Instructions for the task :: The records that follow are to be printed exactly, with no images.

+--

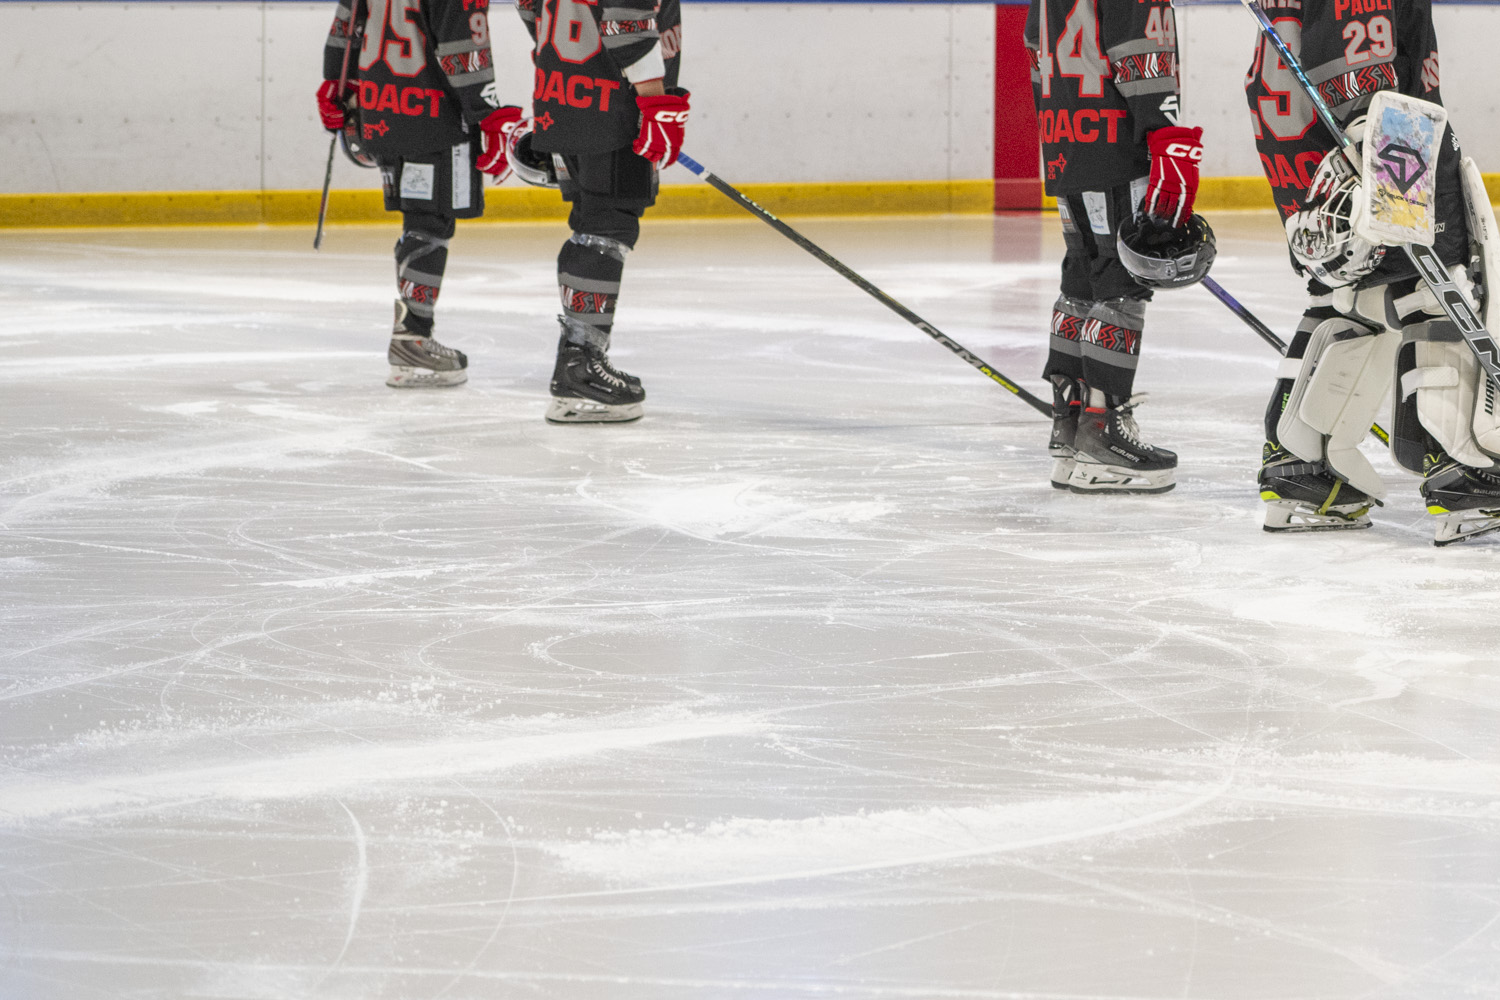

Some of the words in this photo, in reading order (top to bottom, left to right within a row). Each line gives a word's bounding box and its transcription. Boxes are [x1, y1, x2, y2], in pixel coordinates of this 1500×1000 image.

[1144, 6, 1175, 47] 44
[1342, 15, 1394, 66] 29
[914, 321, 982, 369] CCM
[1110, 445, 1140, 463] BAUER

+--

Result of the exercise ::
Some of the words in this photo, in reading order (top to bottom, left to right within a row). Each line gives a word's bounding box and its transcription. Boxes are [x1, y1, x2, y2], in pixel coordinates of this 1500×1000 image.

[1144, 6, 1175, 47] 44
[1342, 15, 1394, 66] 29
[914, 321, 982, 369] CCM
[1110, 445, 1140, 463] BAUER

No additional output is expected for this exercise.